We talked about the upcoming 100th anniversary of Japan's annexation of Korea and what might the prime minister say. She expected a cabinet approved speech of measured apology. Another Murayama Statement it would become. Not enough for her, but significant to me. If true, then the Foreign Ministry would have two formulas to use to offer careful apologies.
The Japanese government repeats and adjusts the 1995 Murayama war apology for various situations. Last year’s apology to the American POWs was of this style. One twist, however, has been that the Japanese Ambassador to the US Fujisaki who delivered the apology has refused to put his words in writing. He even went so far as to write one former POW that the apology would remain oral and he would NOT provide a written statement. No wonder the Ambassador did not mention it as one of his accomplishments of 2009.
Is this insincerity or a fear of intimidation by Rightists and other Nationalists? Neither speaks well of Japan's democracy or support of humanitarian values.
My friend rationalized that Japan simply does not have enough practice with justice. She cited what she said was a very popular NHK rebroadcast of a PBS show on the theory and practice of justice with Harvard professor Michael Sandel.
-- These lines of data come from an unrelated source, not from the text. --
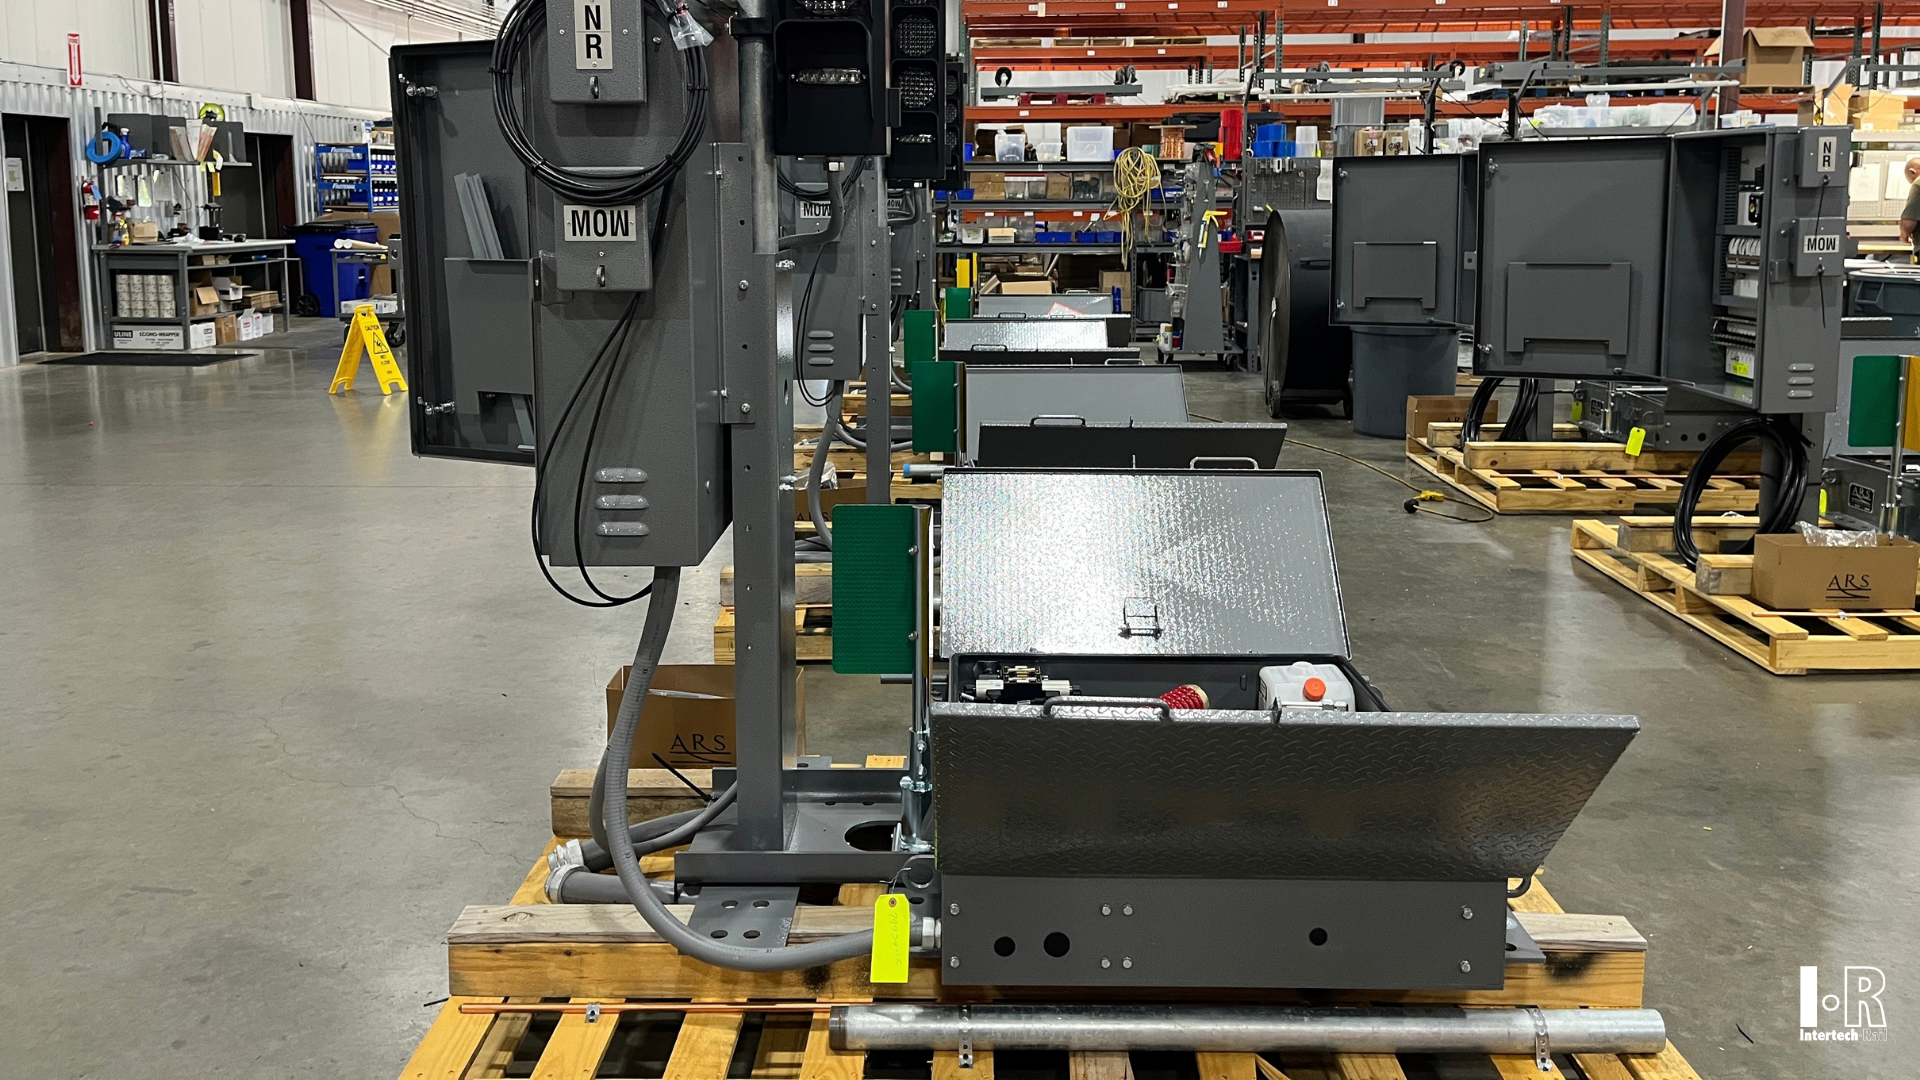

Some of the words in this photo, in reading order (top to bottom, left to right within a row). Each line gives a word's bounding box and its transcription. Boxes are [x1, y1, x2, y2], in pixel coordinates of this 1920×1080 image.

[584, 4, 602, 31] N
[585, 33, 603, 59] R
[1823, 141, 1832, 154] N
[1822, 154, 1831, 167] R
[571, 208, 630, 237] MOW
[1807, 237, 1836, 251] MOW
[1828, 574, 1870, 590] ARS
[670, 733, 728, 753] ARS
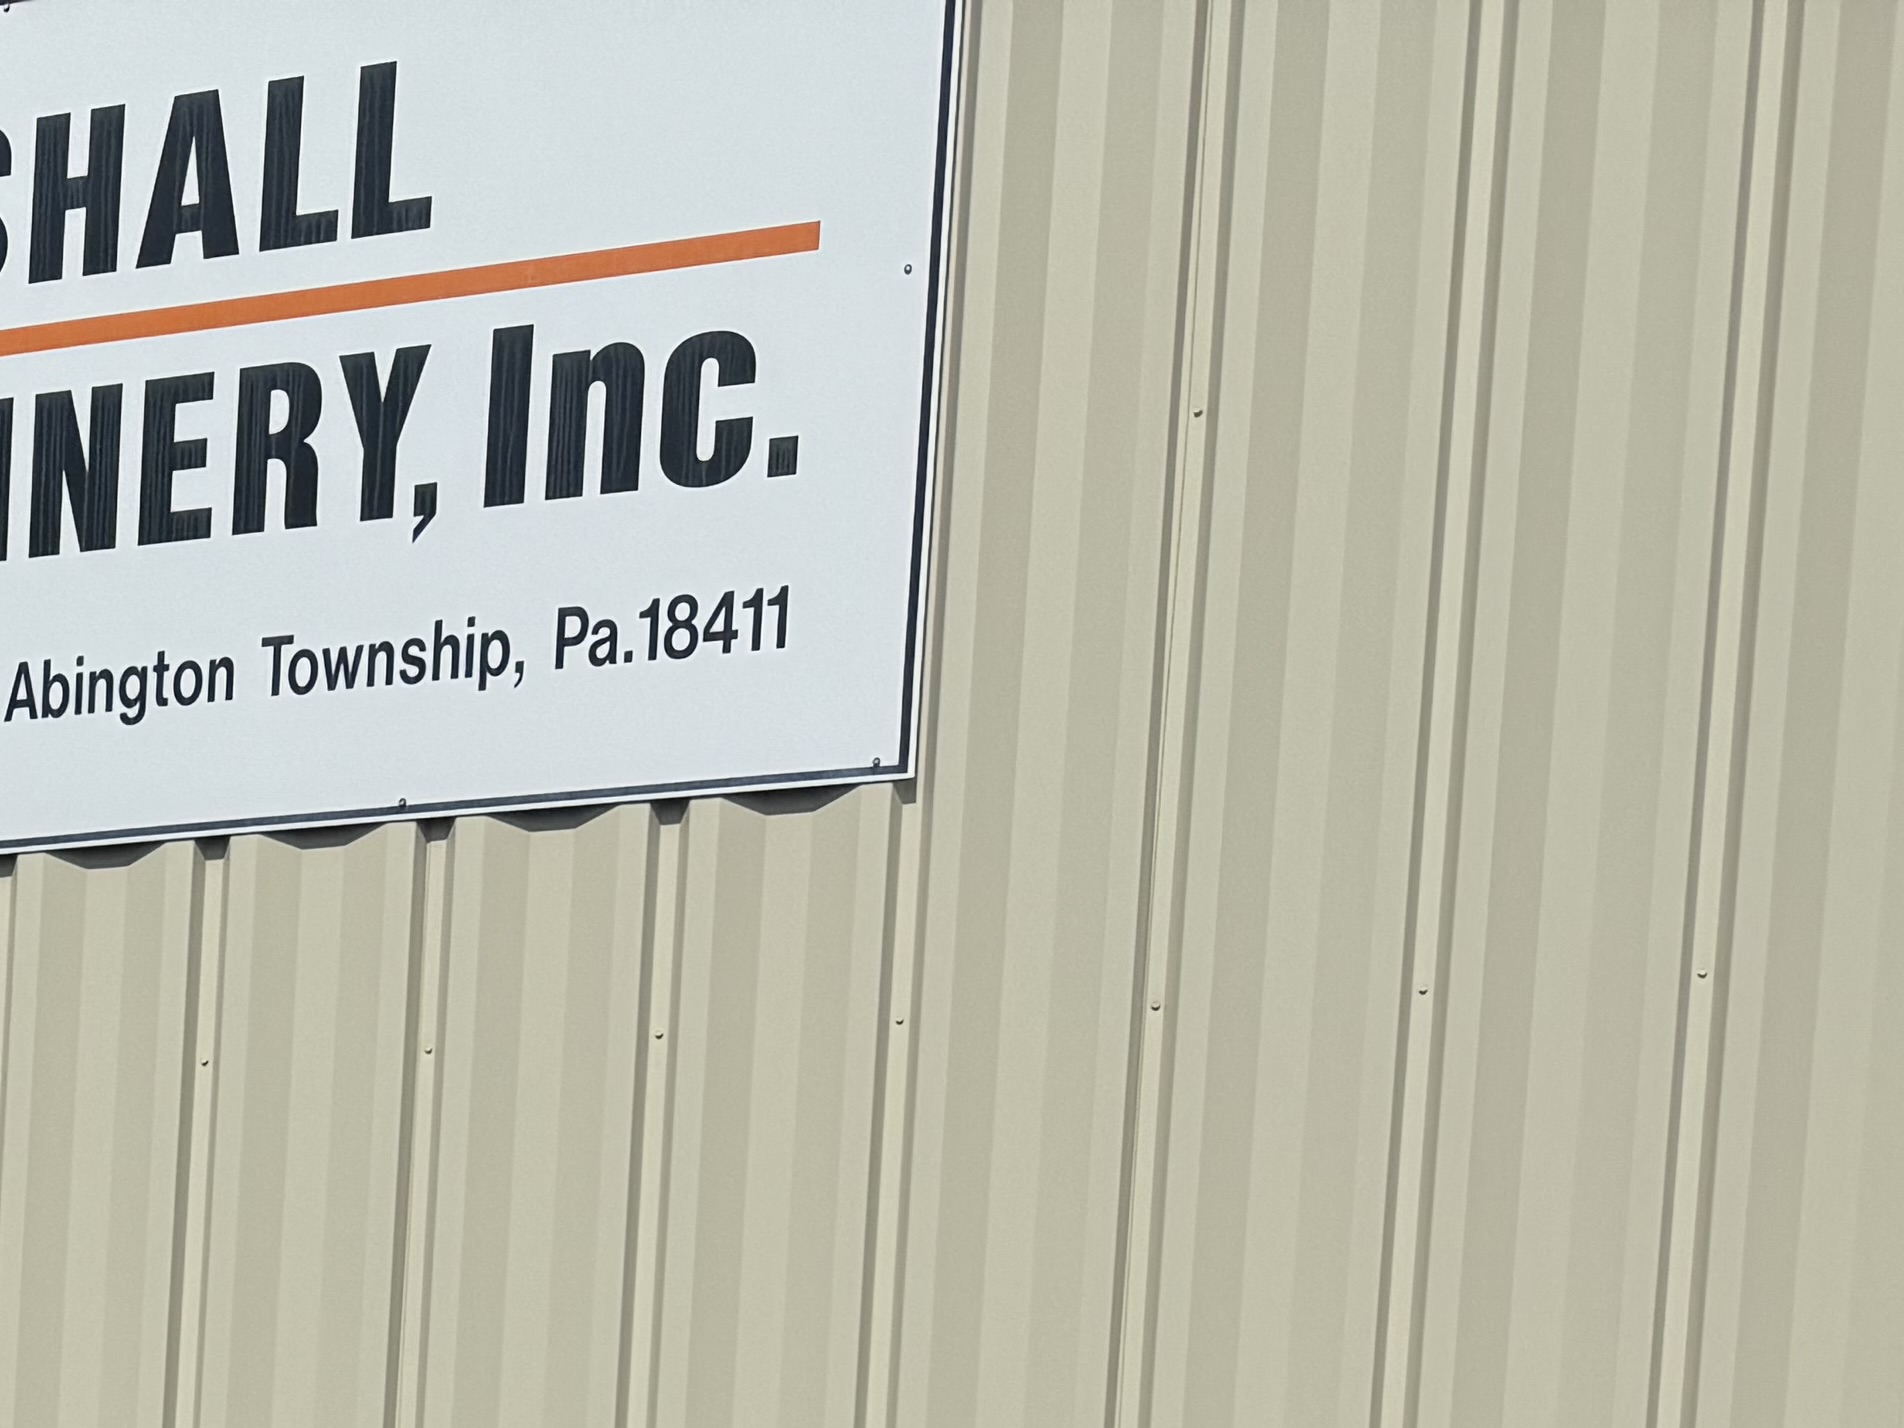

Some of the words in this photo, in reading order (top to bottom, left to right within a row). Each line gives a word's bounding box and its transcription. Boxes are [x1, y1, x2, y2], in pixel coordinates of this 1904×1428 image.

[483, 323, 799, 508] Inc.
[3, 650, 234, 726] Abington
[261, 616, 525, 697] Township,
This phenomenon was mentioned in JapanRealTime (the must read blog on Japan).
She said his book Justice: What’s the Right Thing to Do? is the number one bestseller in Japan and that he will be touring there in late August (23-27). The fascination with this program, she believed, was the sign of a new, changing Japan.
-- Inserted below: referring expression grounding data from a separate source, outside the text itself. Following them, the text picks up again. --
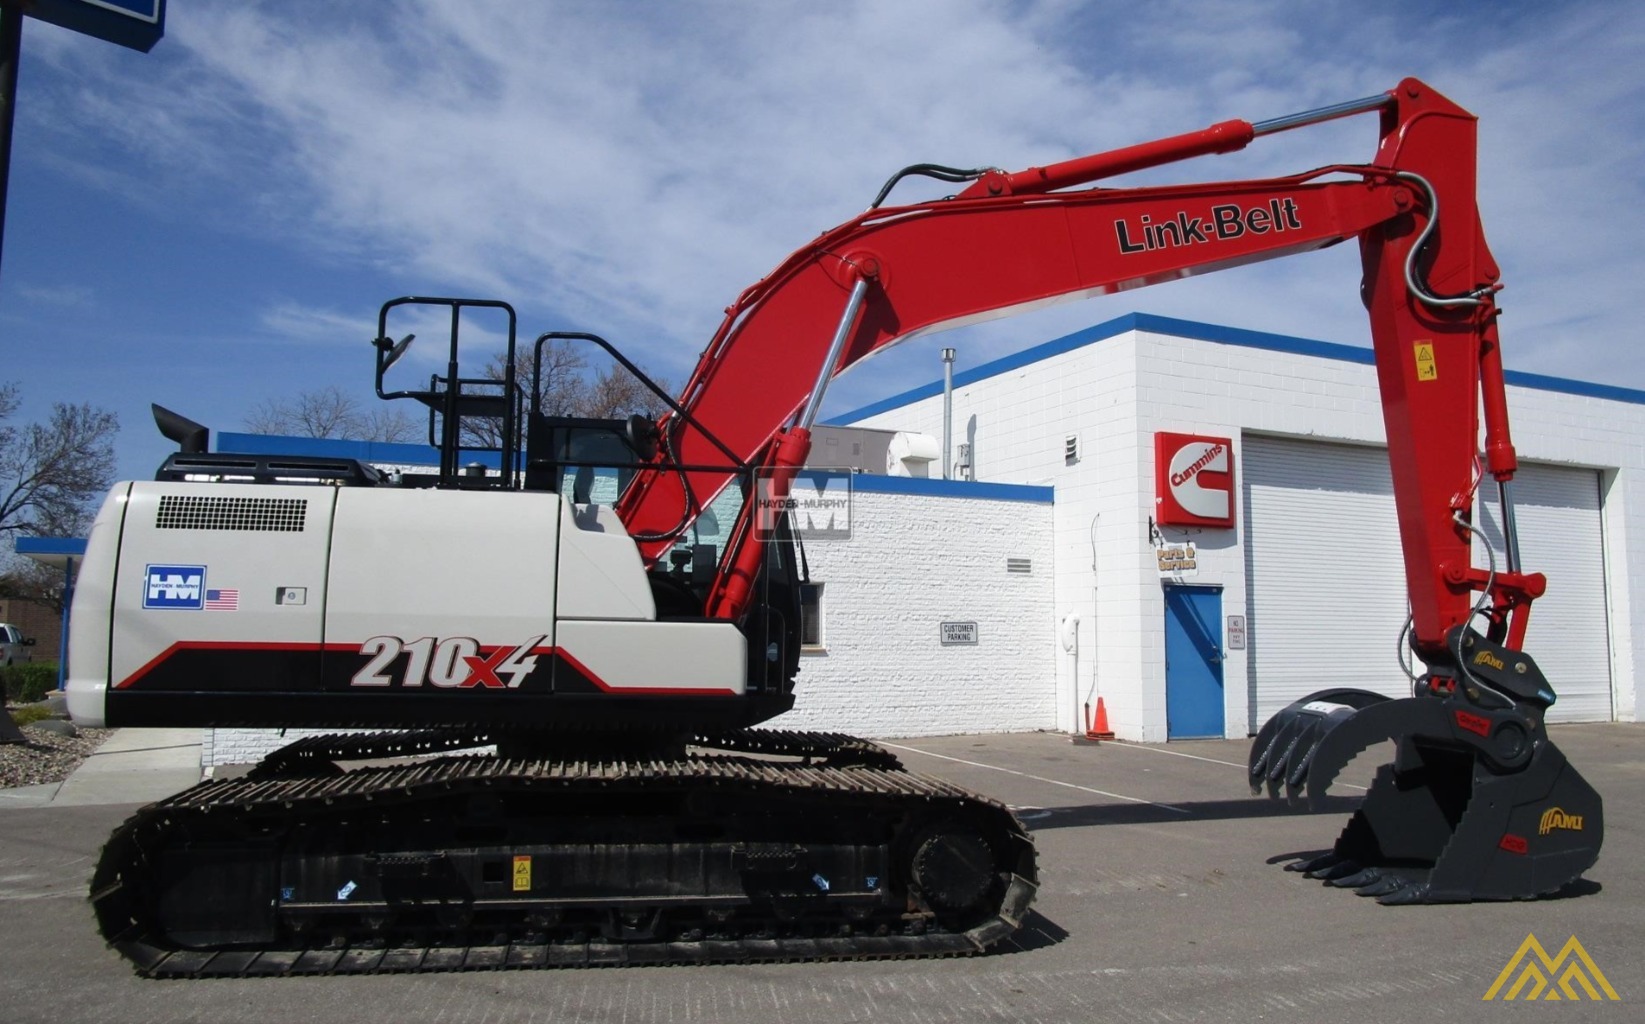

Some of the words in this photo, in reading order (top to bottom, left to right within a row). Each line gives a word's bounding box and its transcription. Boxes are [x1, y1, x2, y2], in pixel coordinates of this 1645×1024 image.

[1114, 198, 1301, 254] Link-Belt
[1171, 444, 1223, 487] Cummins
[1157, 549, 1185, 560] Parts
[1158, 560, 1196, 571] Service
[943, 624, 974, 633] CUSTOMER
[947, 633, 971, 641] PARKING
Everyone liked Sandal's question and answer style, which sounded to me similar to the traditional Socratic method used at all the American Ivies. That Japanese were receptive to this fairly confrontation method upturned many traditional Western assumptions about "the Japanese."
To my friend, the wide acceptance of this show and book indicated a Japan with kinder less authoritarian men and citizens willing to weigh different points of view. This was the new democracy of the new Japan. She found this all extremely exciting and hopeful.
I will think about this in a few weeks as I recover. Maybe the fad will be over by then.